Area legal services for low-income families are bracing for a renewed round of budget cuts currently being debated in the U.S. House of Representatives.
The cuts, which have already slashed budgets across the state, have forced area services to lay off employees and scale back legal services which are vital for low-income and poverty-stricken families, officials said.
"It is very sad to think that people who once relied on us for assistance may now have to go on their own to the courtroom," Laurel Legal Services Inc. Executive Director Cynthia A. Sheehan said.
Laurel Legal Services Inc. receives federal and state funding for legal programs in Cambria County.
Tasked with providing legal assistance for low-income and below poverty-level families, the organization also handles domestic violence, child custody, mortgage foreclosures and other civil cases, Sheehan said.
But federal budget cuts to Legal Services Corporation - as much as $20 million cut nationally from the previous fiscal year - have forced Laurel Legal Services and other area programs to scale back on staff after receiving decreased federal funding.
In the 2011 fiscal year, LSC was budgeted $404 million. That number fell to about $348 million in 2012.
The cuts have area agencies worried about maintain service levels while trying to cut costs.
"Demand will be the same, but whether we will be able to meet it ... we have to cut back on what level of service we can provide," Sheehan said.
Laurel Legal Services received $841,600 in federally funded LSC grants during the 2011 fiscal year, which comprised about 34 percent of the organization's $2.4 million budget.
That number was cut to $718,223 for the 2012 fiscal year - a 17 percent reduction.
A Cambria County attorney took a voluntary leave from the company to help offset costs, Sheehan said. A satellite office in Jefferson County will be closed and lawyers will begin to transition into more phone-based legal consultation whenever possible, she said.

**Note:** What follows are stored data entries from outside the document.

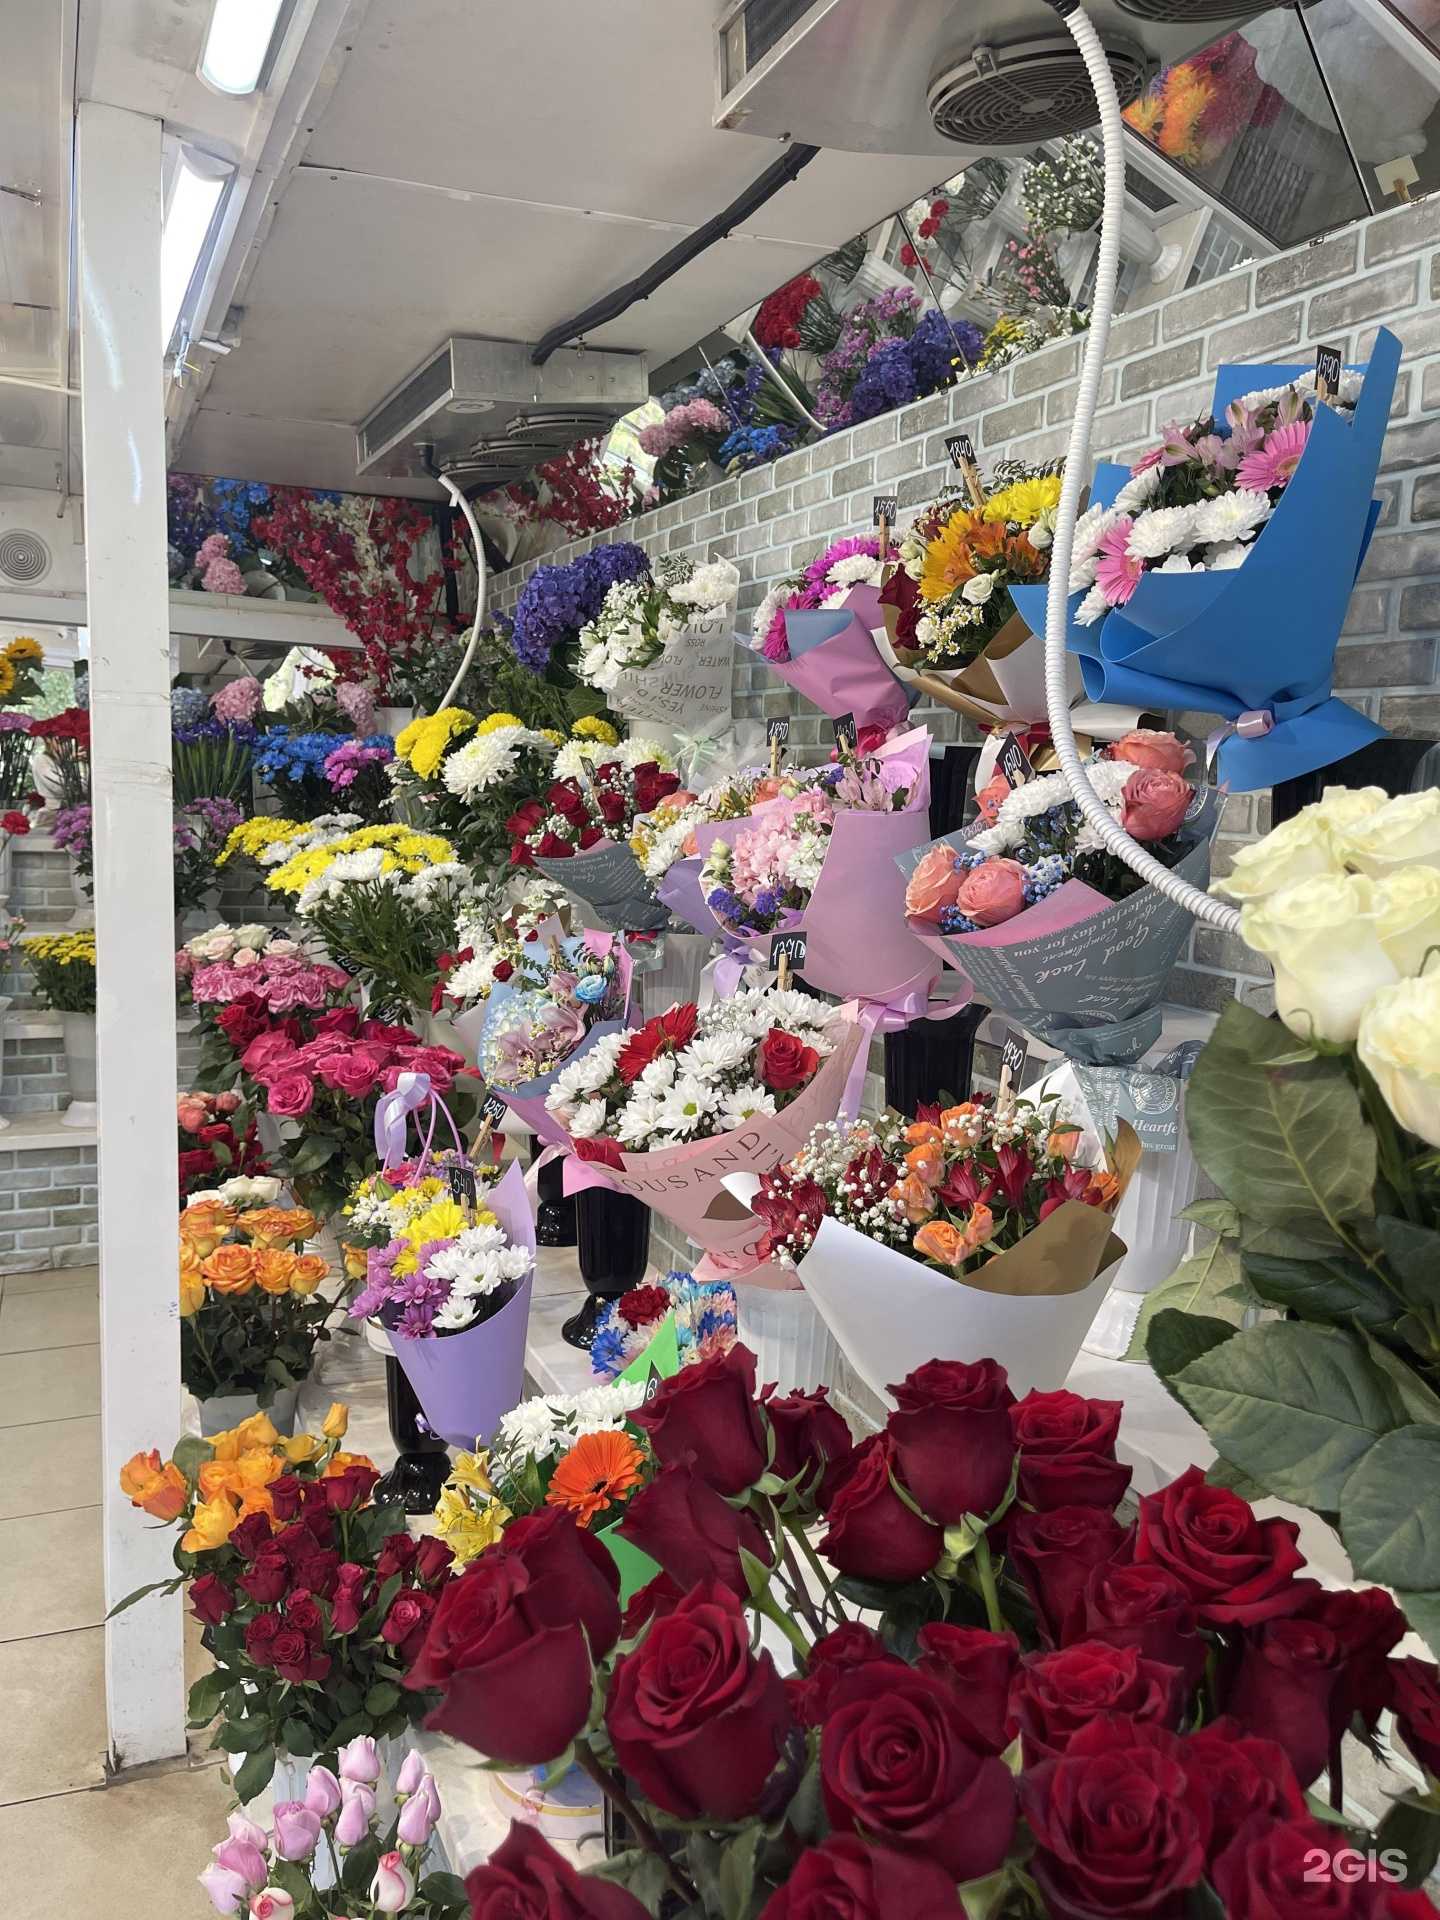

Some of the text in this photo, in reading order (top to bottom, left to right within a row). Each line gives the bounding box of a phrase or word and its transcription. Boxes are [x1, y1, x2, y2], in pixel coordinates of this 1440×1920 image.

[949, 440, 973, 462] 1840
[661, 681, 724, 699] FLOWER
[1013, 944, 1041, 958] you
[1046, 935, 1067, 951] for
[1103, 923, 1149, 965] Good
[1034, 957, 1087, 984] Luck
[483, 1097, 506, 1120] 1250
[621, 1132, 762, 1194] OUSAND

The effect will lead to a "significant" reduction in clients, from about 6,000 annually to about 4,000, which does not include all those who qualify under federal guidelines, she said.
MidPenn Legal Services, which serves residents in Blair and surrounding counties, received a 17 percent reduction in LSC funding - down from last year's $2.4 million in funding, according to the LSC website.

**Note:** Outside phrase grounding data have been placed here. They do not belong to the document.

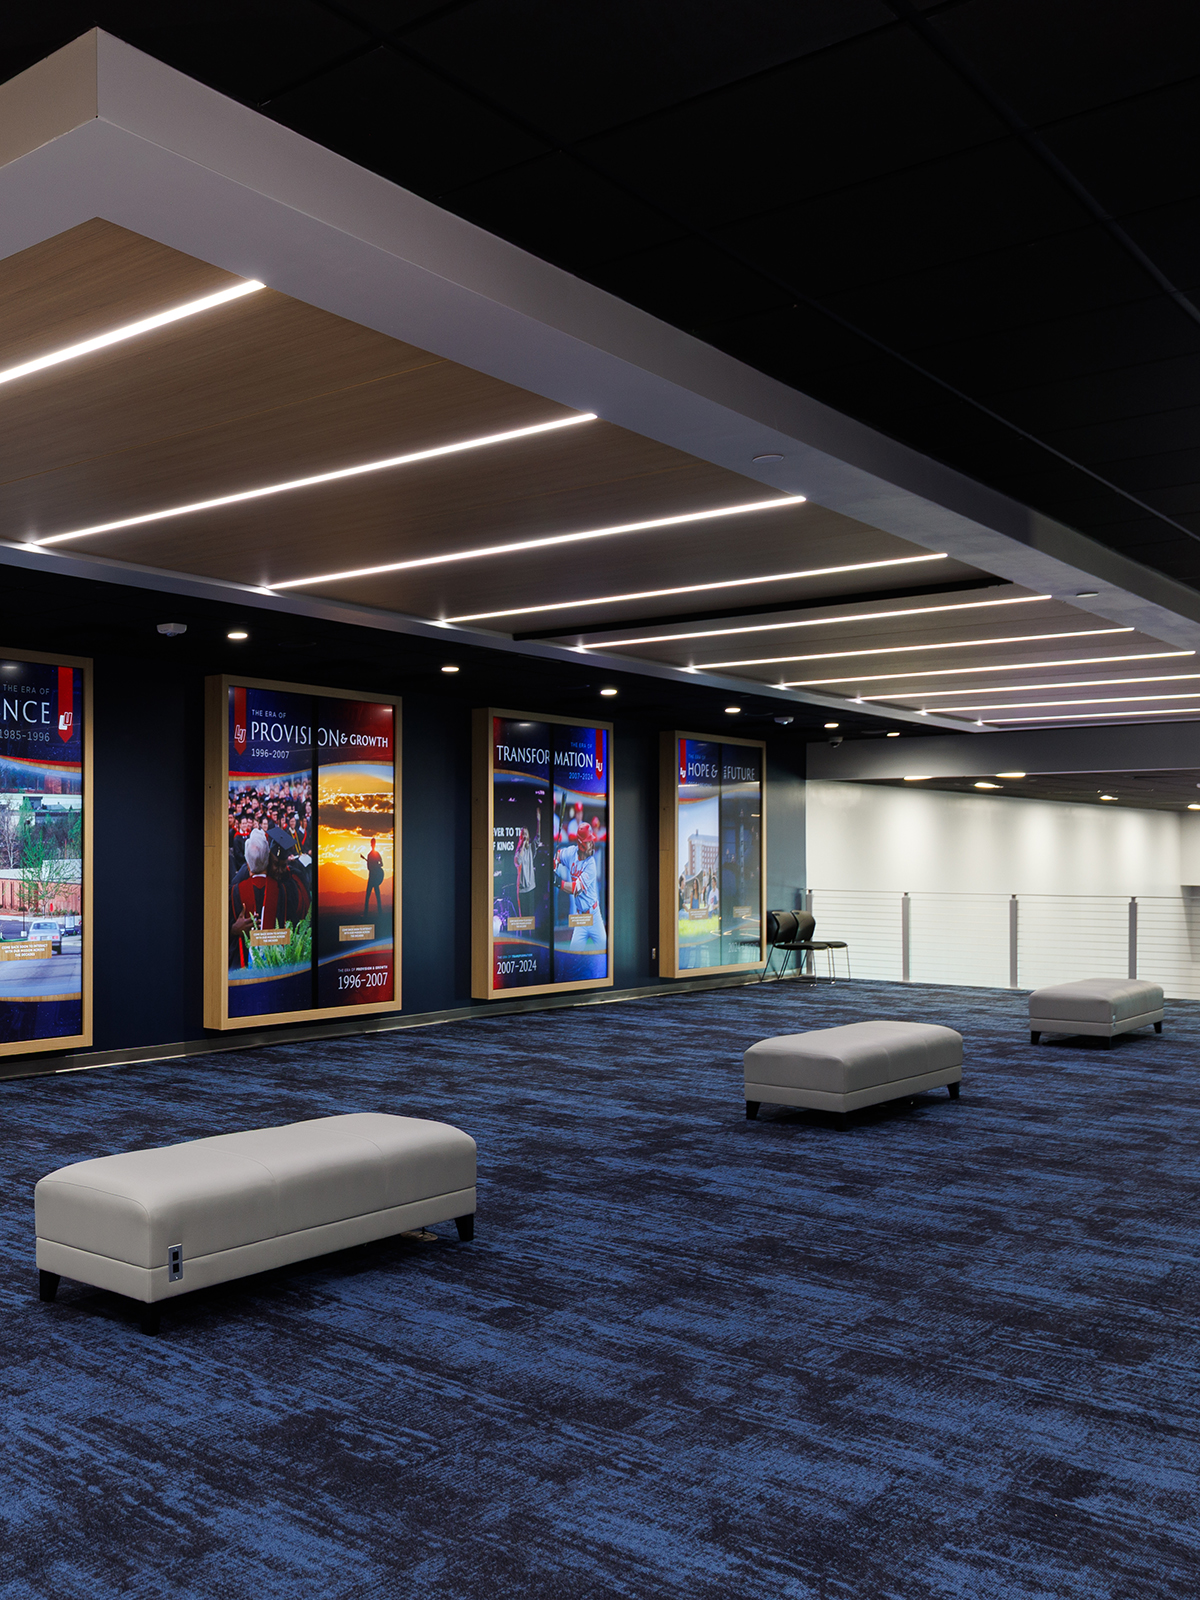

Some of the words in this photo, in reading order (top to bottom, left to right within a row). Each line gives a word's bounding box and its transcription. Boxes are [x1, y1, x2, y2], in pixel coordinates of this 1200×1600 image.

[3, 684, 18, 692] THE
[21, 686, 36, 694] ERA
[39, 688, 50, 696] OF
[340, 732, 348, 744] &
[350, 734, 388, 748] GROWTH
[252, 748, 290, 758] 1996-2007
[688, 762, 710, 778] HOPE
[711, 764, 718, 778] &
[728, 766, 756, 780] FUTURE
[505, 827, 514, 836] TO
[496, 842, 514, 850] KINGS
[496, 960, 537, 974] 2007-2024
[338, 972, 388, 990] 1996-2007

"Statewide, the state budget line for legal services is 20 percent less this fiscal year than it was last year," PA Legal Aid Network Executive Director Sam Milkes said. "That's a big deal to us."
While legal offices across the state are facing reductions, programs have not been forced to close up shop entirely, Milkes said.
But increasing financial pressure and smaller staffs tasked with ever-increasing workloads have officials worried basic human services are at risk.
Since organizations such as Laurel Legal Services and MidPenn Legal Services represent poverty-level individuals and those facing serious social issues, the risk of individuals falling through the cracks in increased as budgets are slashed, Milkes said.
"When legal services get cut, those are the kinds of basic human need that are at stake," he said.